Overview of all detected CD8-reactive epitopes at four different time points. For each recipient, the first and second (if applicable) transplantation is listed including the presence of the relevant HLA restriction in the graft received. In the resulting prediction of clinical outcome, the presence of CD8 T-cells against novel HLA-A3– and HLA-B7–restricted epitopes also was considered. Clinical outcome is defined as insulin independence (Ins Indep) or still requiring insulin (Ins Req), the coefficient of variation in fasting glycemia in the first 6 months (CV), and the time to reach insulin independence. NA, not applicable.
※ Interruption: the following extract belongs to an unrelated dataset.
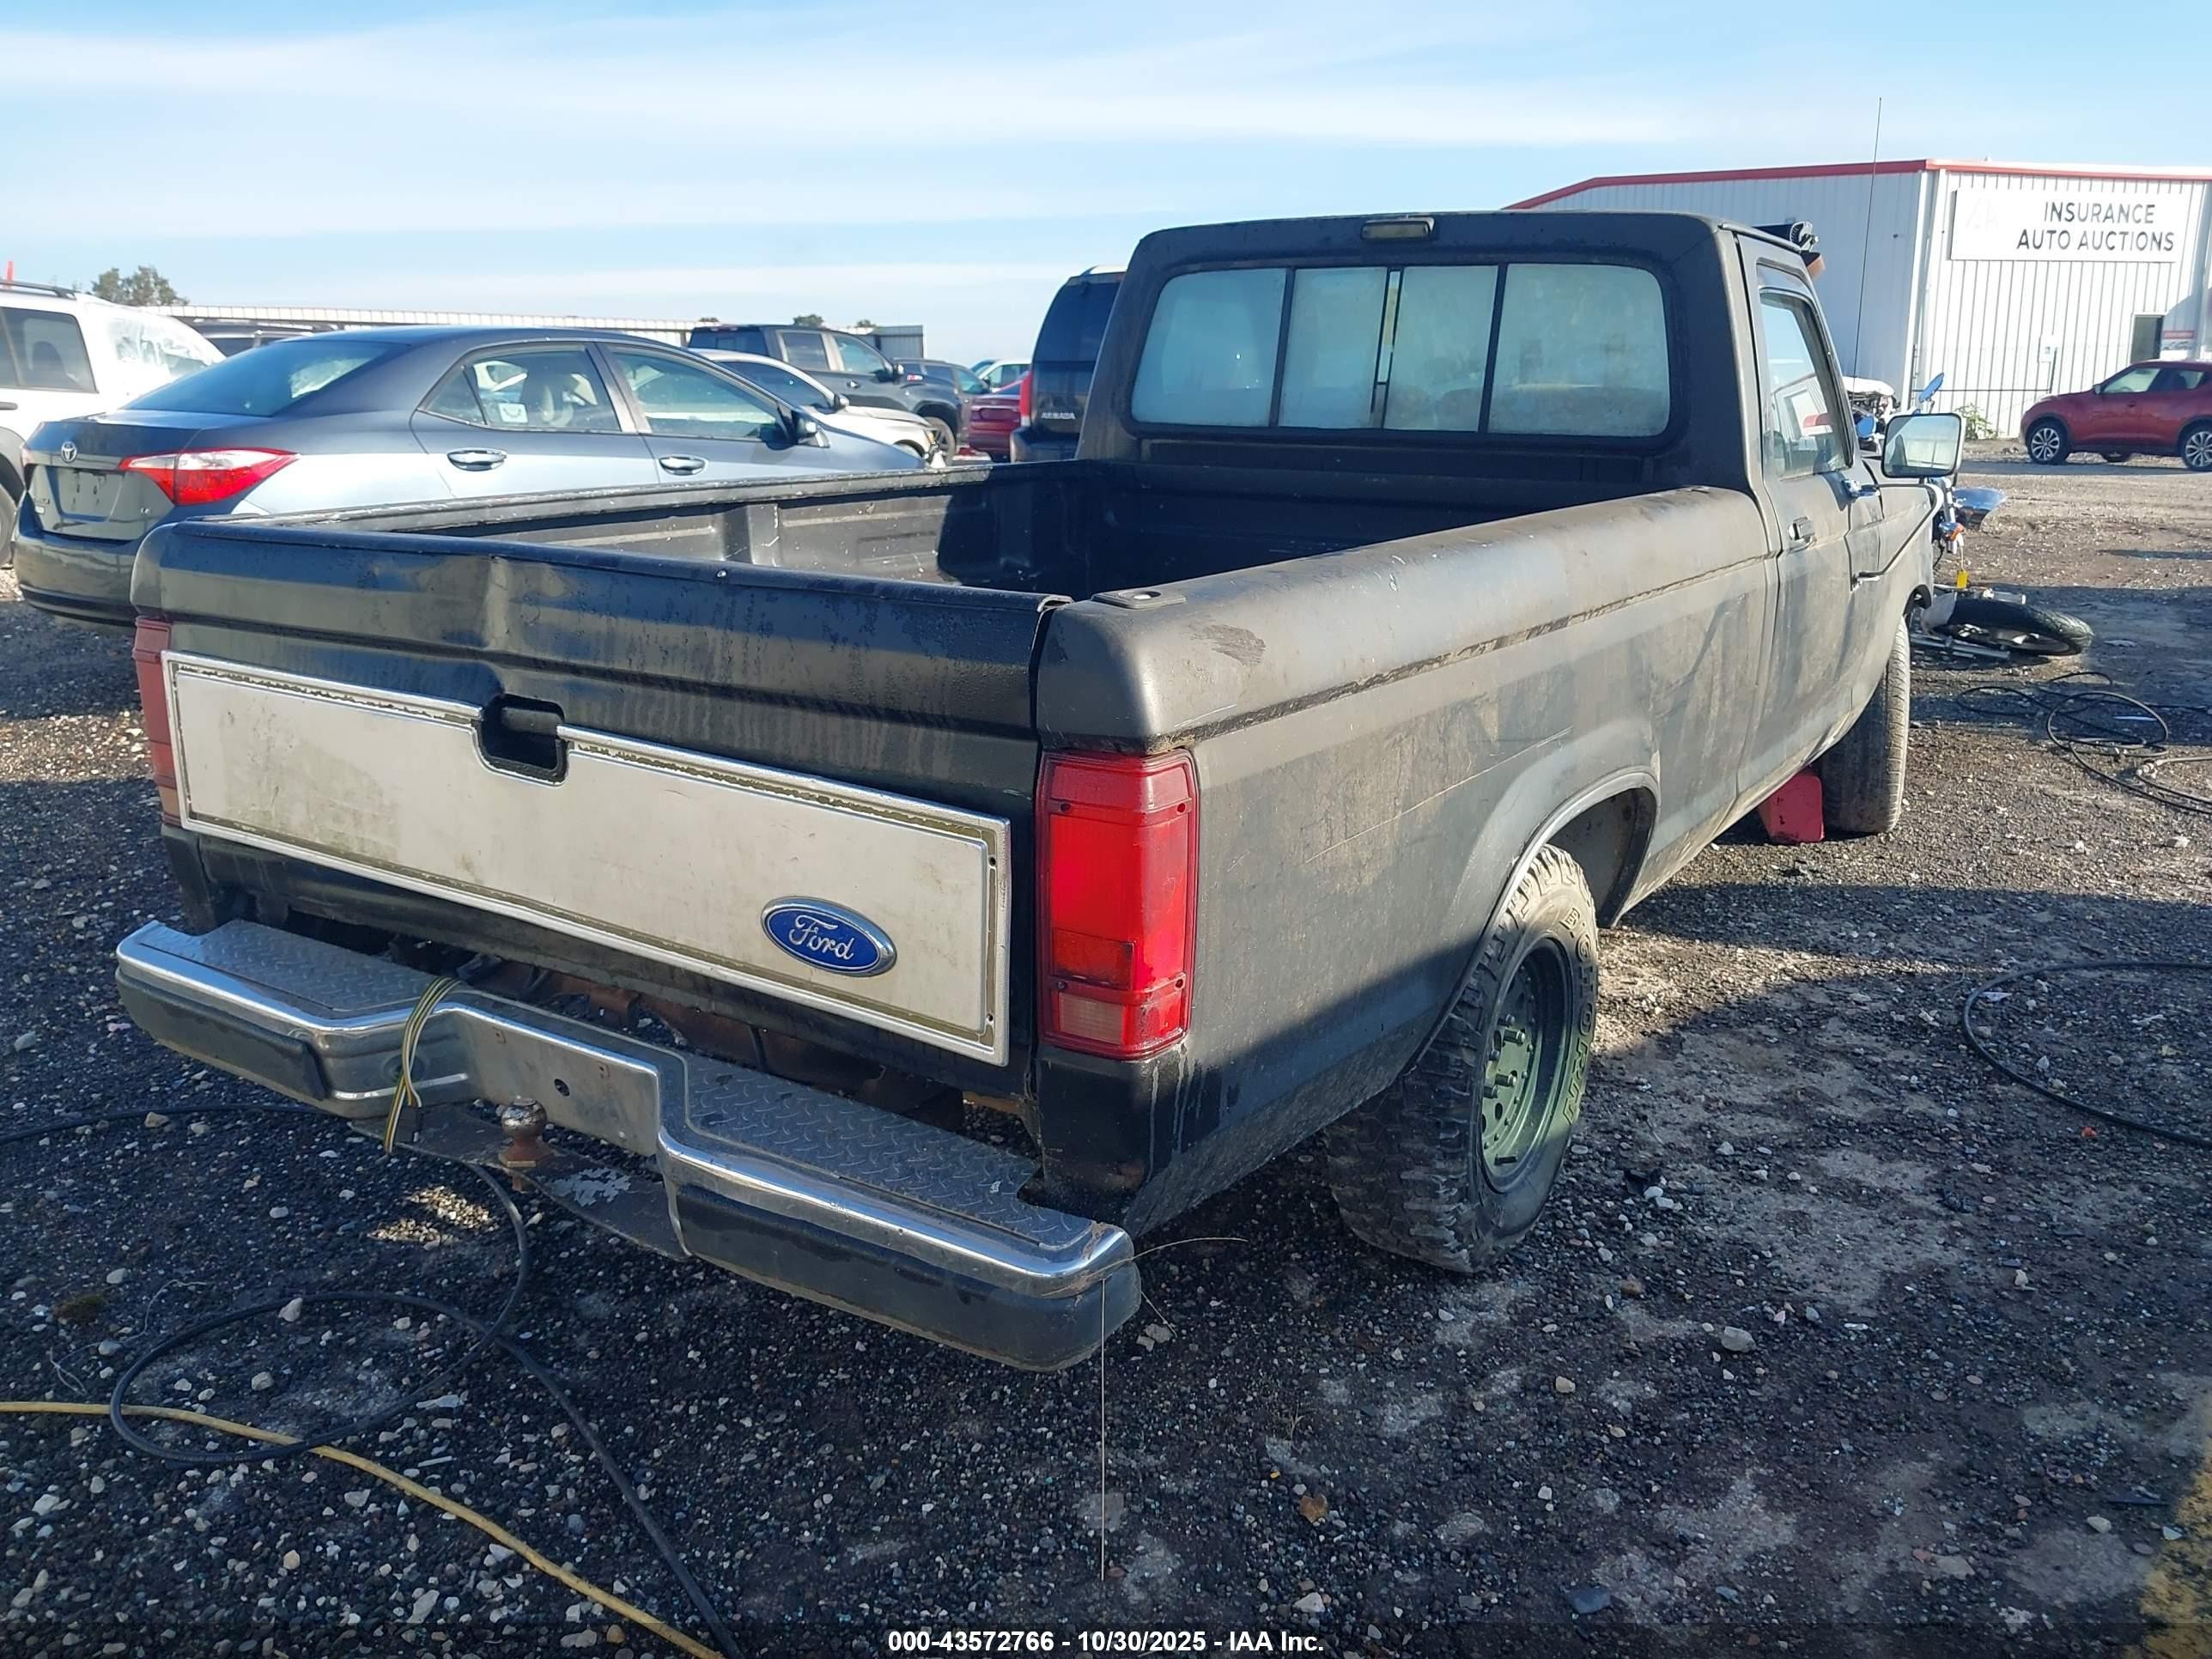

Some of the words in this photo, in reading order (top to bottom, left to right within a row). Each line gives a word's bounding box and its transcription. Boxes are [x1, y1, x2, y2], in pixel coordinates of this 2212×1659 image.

[2044, 201, 2156, 223] INSURANCE
[2016, 228, 2071, 250] AUTO
[2077, 230, 2175, 252] AUCTIONS
[788, 915, 854, 961] Ford
#All experiments were performed blinded from clinical outcome.

*Non-HLA-A2–restricted T-cell responses (W.W.U., J.H.V. et al., unpublished observations).

†This patient cytomegalovirus-converted upon transplantation.

Previously, we reported that proliferation of CD4+ T-cells to whole IA-2 and GAD65 before transplantation predicted transplantation outcome (14). For comparison, the prediction of clinical outcome based on this proliferation assay was also taken into consideration (Table 3). Prediction based on proliferation of islet-specific CD4 T-cells pointed toward four patients not reaching insulin independence. For three patients, there was agreement in the prediction by both immunological end points.

The Diab-Q-kit predicted that six recipients would remain insulin requiring, of which four actually required exogenous insulin injection. Thus, this method showed a prediction accuracy of 66%. The prediction of clinical outcome based on proliferation (14) predicted insulin requirement in four case subjects, of which three were correct (accuracy of 75%). However, when both methods agreed in their prediction, all transplant recipients remained insulin requiring after transplantation, and thus the combined method provided an accuracy of 100%, underlining the importance of monitoring CD8+ T-cell frequencies.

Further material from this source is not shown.